## Work to complete:
The task calls for an exact copy of the records, without any images.

┄┄┄┄┄┄┄┄┄┄┄┄┄┄┄┄┄┄┄┄

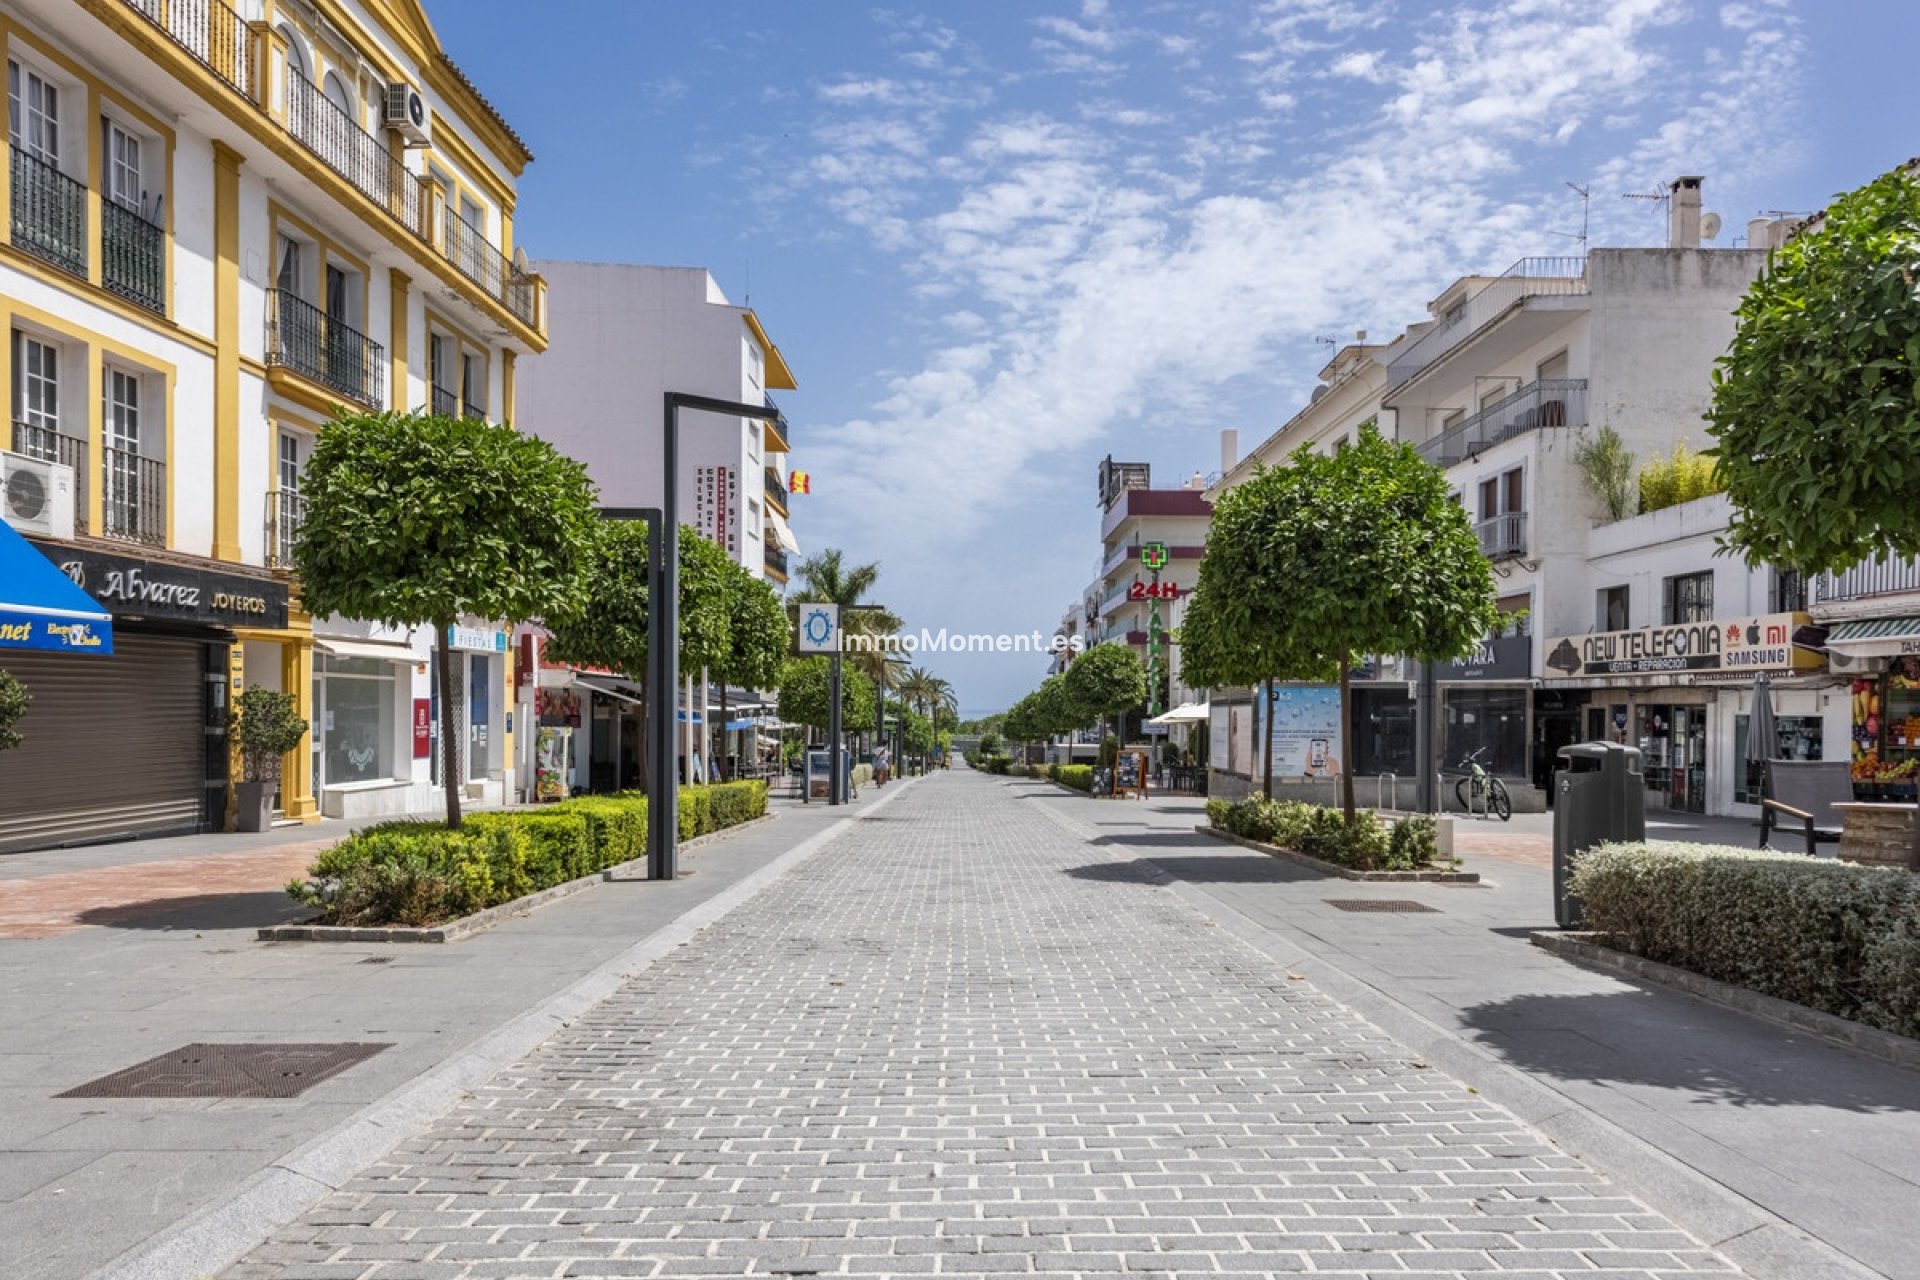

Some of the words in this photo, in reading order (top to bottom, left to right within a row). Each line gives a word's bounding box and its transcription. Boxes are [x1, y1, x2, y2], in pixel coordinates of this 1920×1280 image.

[97, 568, 201, 606] Alvarez
[210, 592, 267, 614] JOYEROS
[1131, 581, 1178, 598] 24H
[1584, 635, 1617, 661] NEW
[1619, 625, 1720, 659] TELEFONIA
[1726, 648, 1785, 666] SAMSUNG
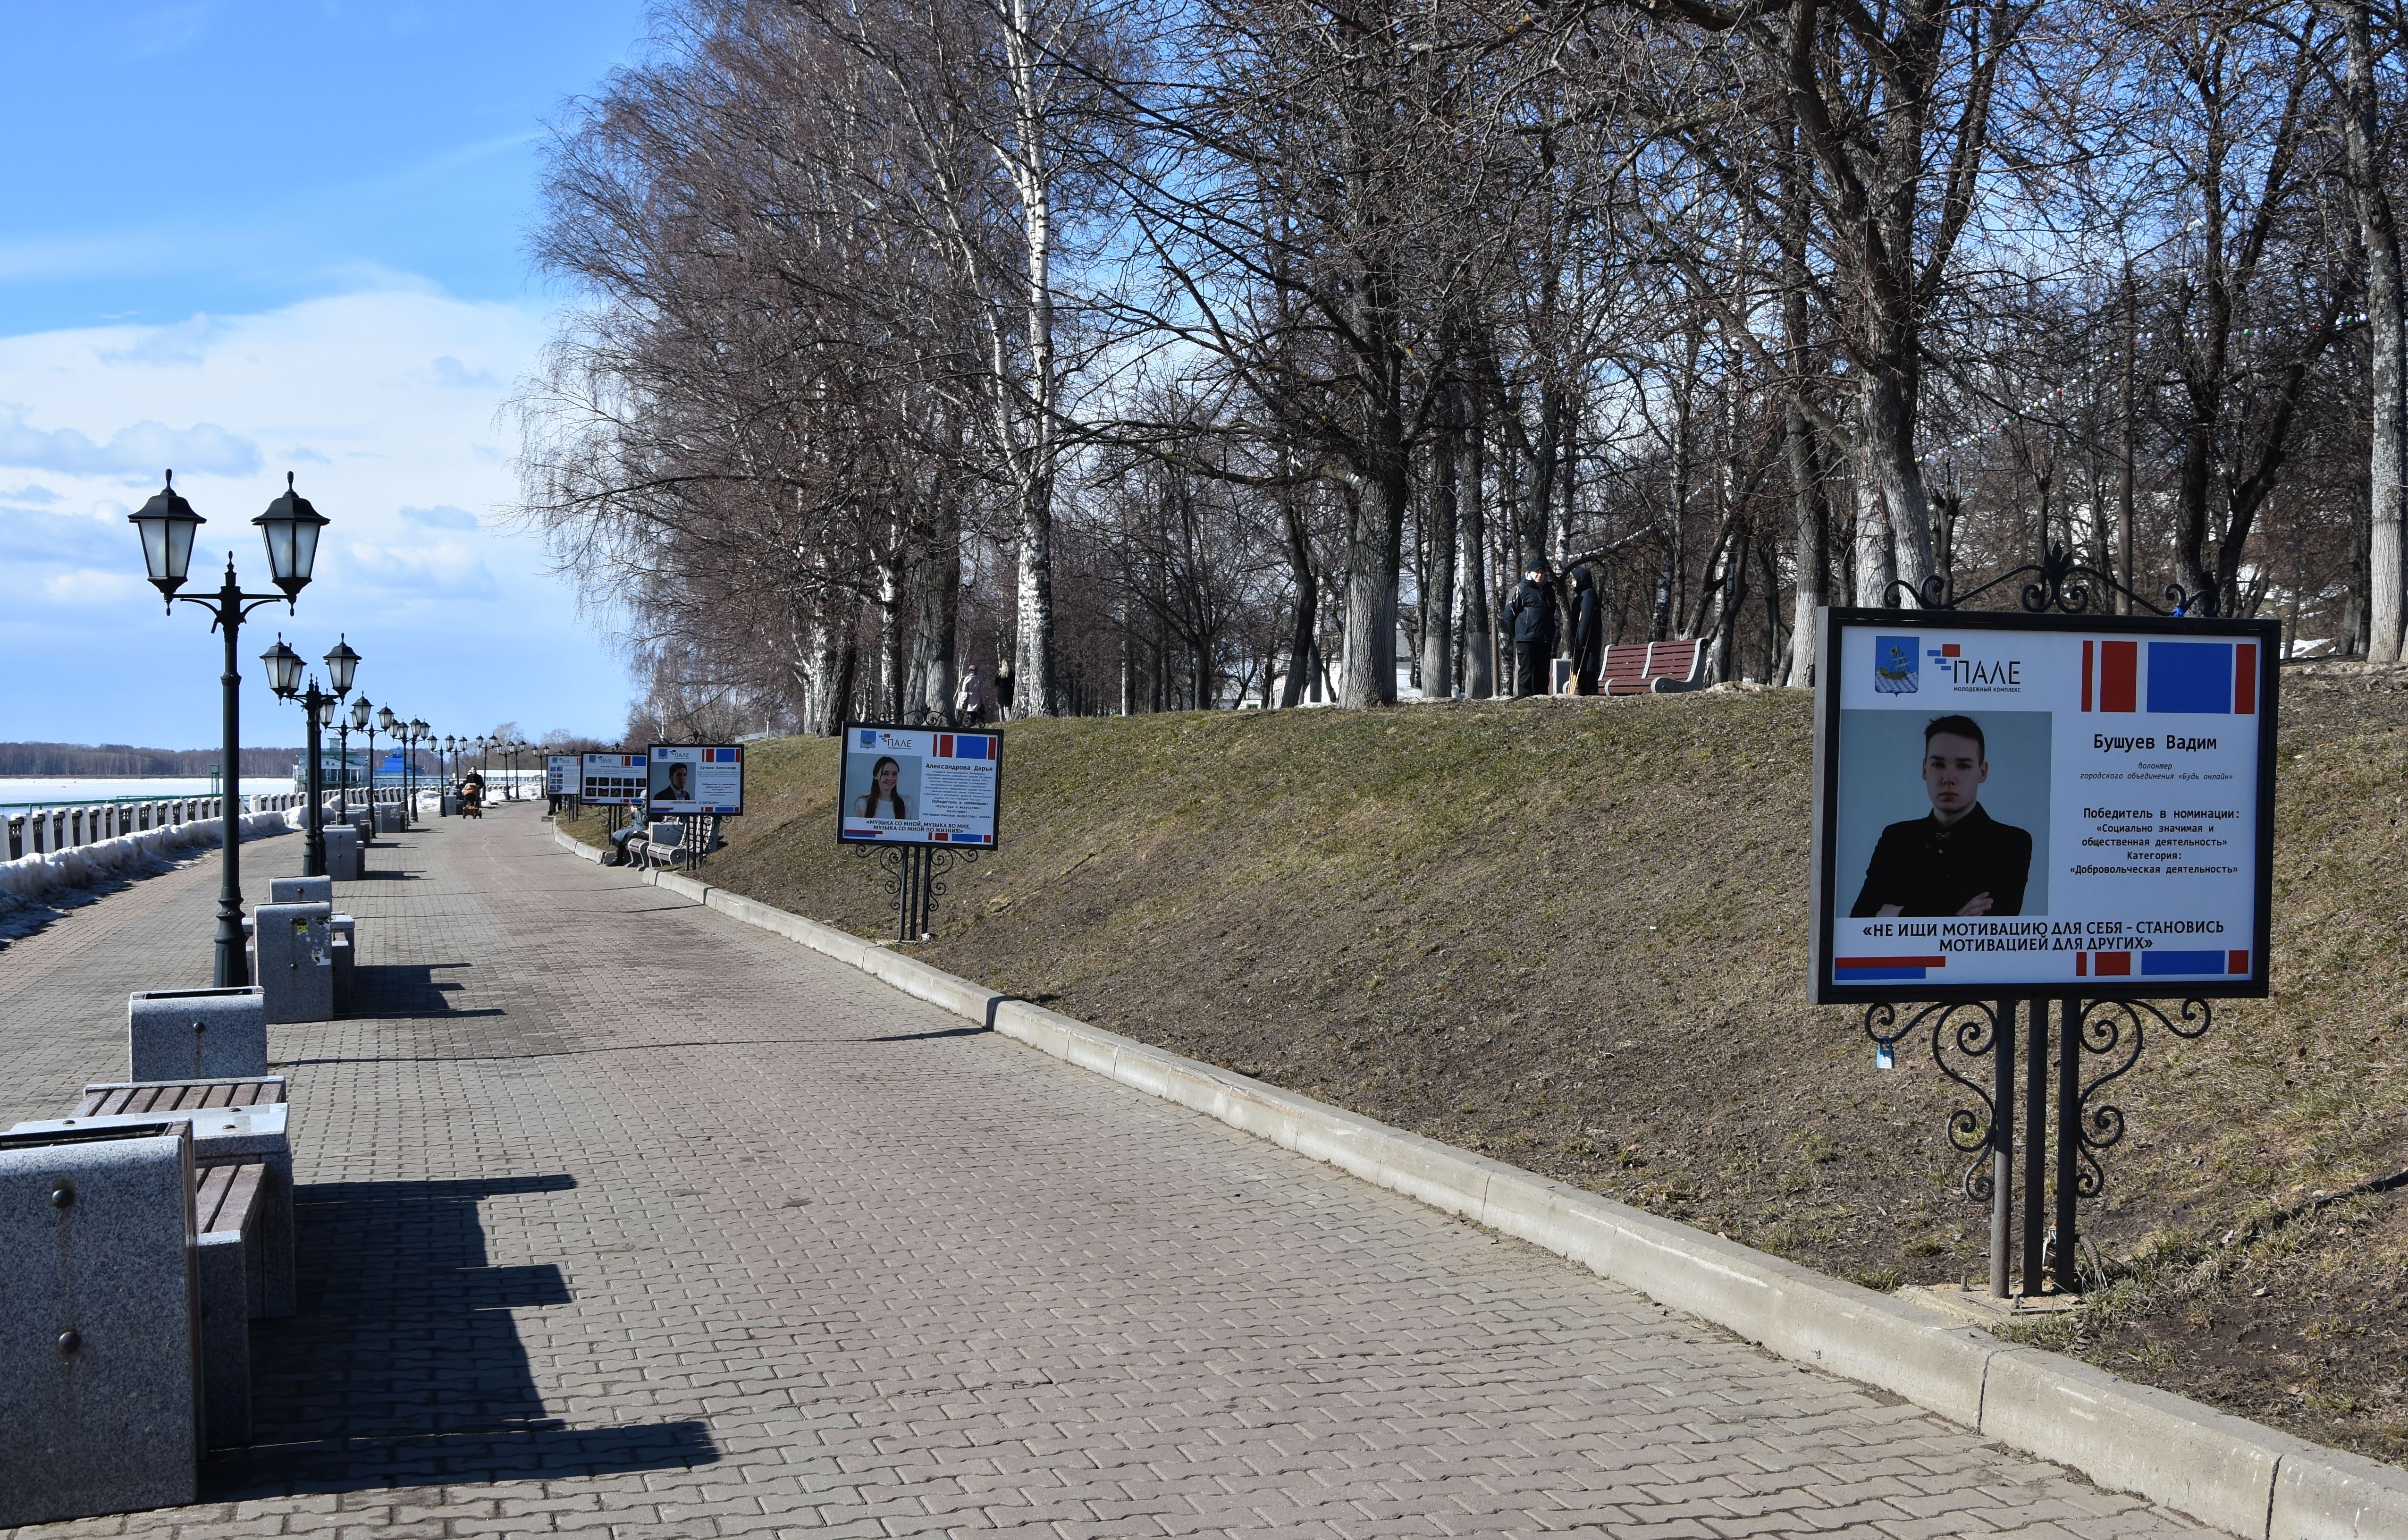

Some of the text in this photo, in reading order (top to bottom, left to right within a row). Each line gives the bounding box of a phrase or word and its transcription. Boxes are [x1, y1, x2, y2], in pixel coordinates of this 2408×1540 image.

[1954, 660, 2021, 685] ПАЛЕ
[887, 738, 912, 747] ПАЛЕ
[2094, 734, 2217, 753] Бушуев Вадим
[2138, 762, 2172, 771] волонтер
[2080, 772, 2123, 780] городского
[2178, 772, 2199, 781] «Будь
[2084, 807, 2239, 821] Победитель в номинации:
[2096, 823, 2153, 834] «Социально
[2082, 837, 2227, 847] общественная деятельность»
[2127, 851, 2181, 862] Категория:
[2070, 864, 2238, 876] «Добровольческая деятельность»
[1863, 924, 1893, 937] «НЕ
[1898, 923, 1937, 938] ИЩИ
[1942, 922, 2048, 938] МОТИВАЦИЮ
[2051, 922, 2081, 936] ДЛЯ
[2086, 922, 2122, 934] СЕБЯ
[2136, 921, 2224, 934] СТАНОВИСЬ
[1939, 935, 2153, 952] МОТИВАЦИЕЙ ДЛЯ ДРУГИХ»
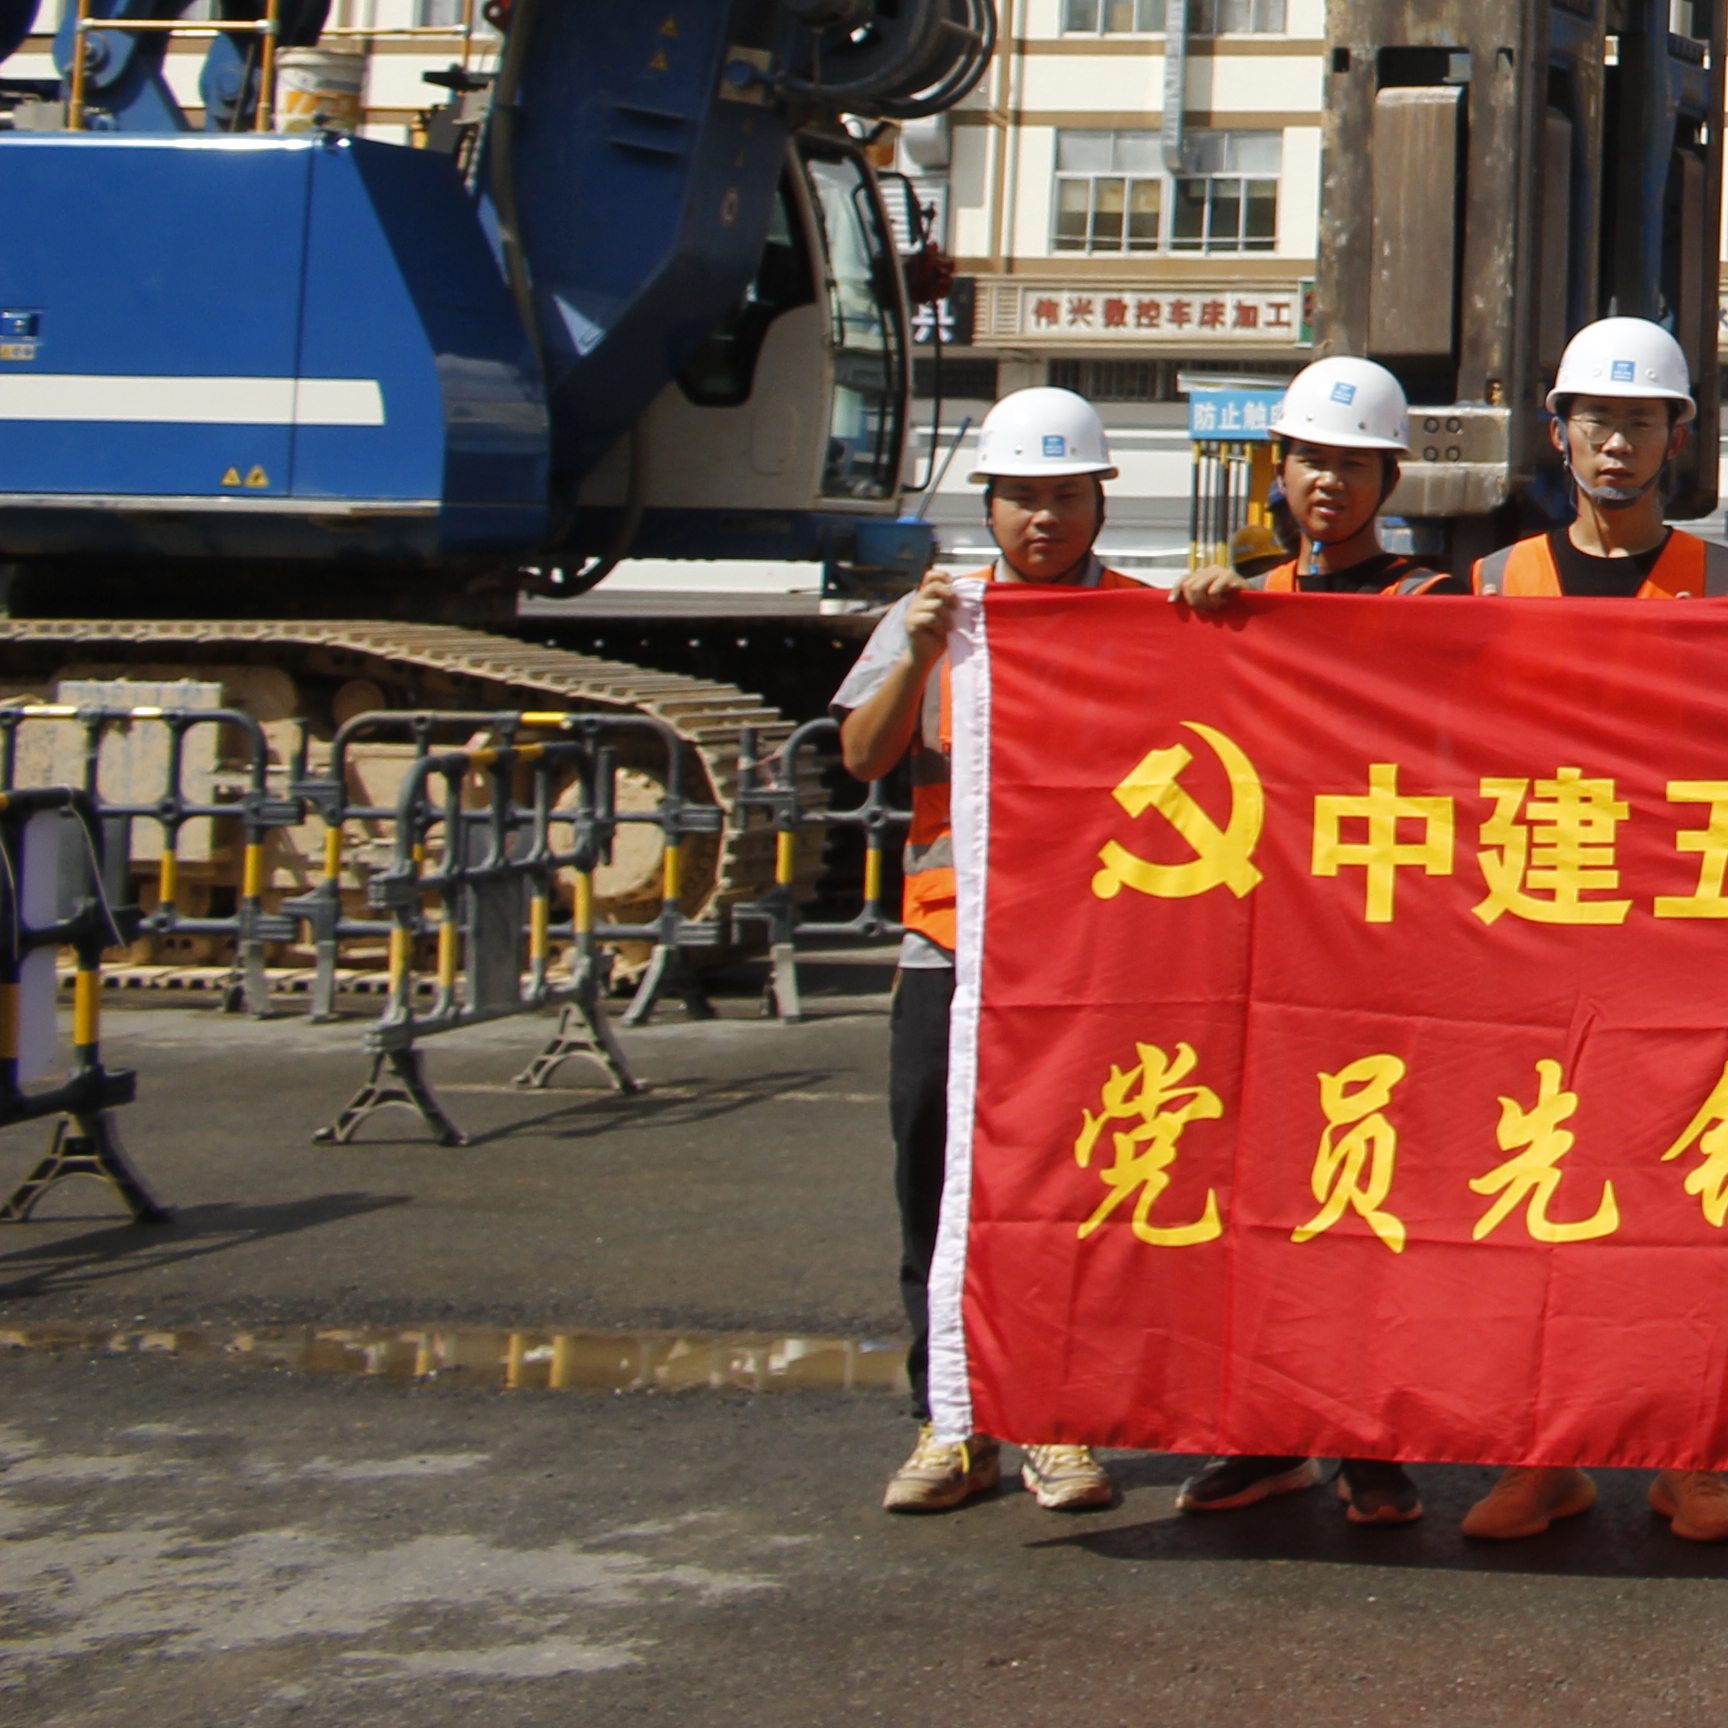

┄┄┄┄┄┄┄┄┄┄┄┄┄┄┄┄┄┄┄┄

## Answer:
Some of the words in this photo, in reading order (top to bottom, left to right within a row). Each line gives a word's bounding box and its transcription. Boxes are [x1, y1, x2, y2], in pixel coordinates of this 1920×1280 image.

[97, 568, 201, 606] Alvarez
[210, 592, 267, 614] JOYEROS
[1131, 581, 1178, 598] 24H
[1584, 635, 1617, 661] NEW
[1619, 625, 1720, 659] TELEFONIA
[1726, 648, 1785, 666] SAMSUNG

Some of the text in this photo, in reading order (top to bottom, left to right within a row). Each line gives the bounding box of a phrase or word and its transcription. Boxes are [x1, y1, x2, y2], in pixel coordinates of this 2408×1540 image.

[1954, 660, 2021, 685] ПАЛЕ
[887, 738, 912, 747] ПАЛЕ
[2094, 734, 2217, 753] Бушуев Вадим
[2138, 762, 2172, 771] волонтер
[2080, 772, 2123, 780] городского
[2178, 772, 2199, 781] «Будь
[2084, 807, 2239, 821] Победитель в номинации:
[2096, 823, 2153, 834] «Социально
[2082, 837, 2227, 847] общественная деятельность»
[2127, 851, 2181, 862] Категория:
[2070, 864, 2238, 876] «Добровольческая деятельность»
[1863, 924, 1893, 937] «НЕ
[1898, 923, 1937, 938] ИЩИ
[1942, 922, 2048, 938] МОТИВАЦИЮ
[2051, 922, 2081, 936] ДЛЯ
[2086, 922, 2122, 934] СЕБЯ
[2136, 921, 2224, 934] СТАНОВИСЬ
[1939, 935, 2153, 952] МОТИВАЦИЕЙ ДЛЯ ДРУГИХ»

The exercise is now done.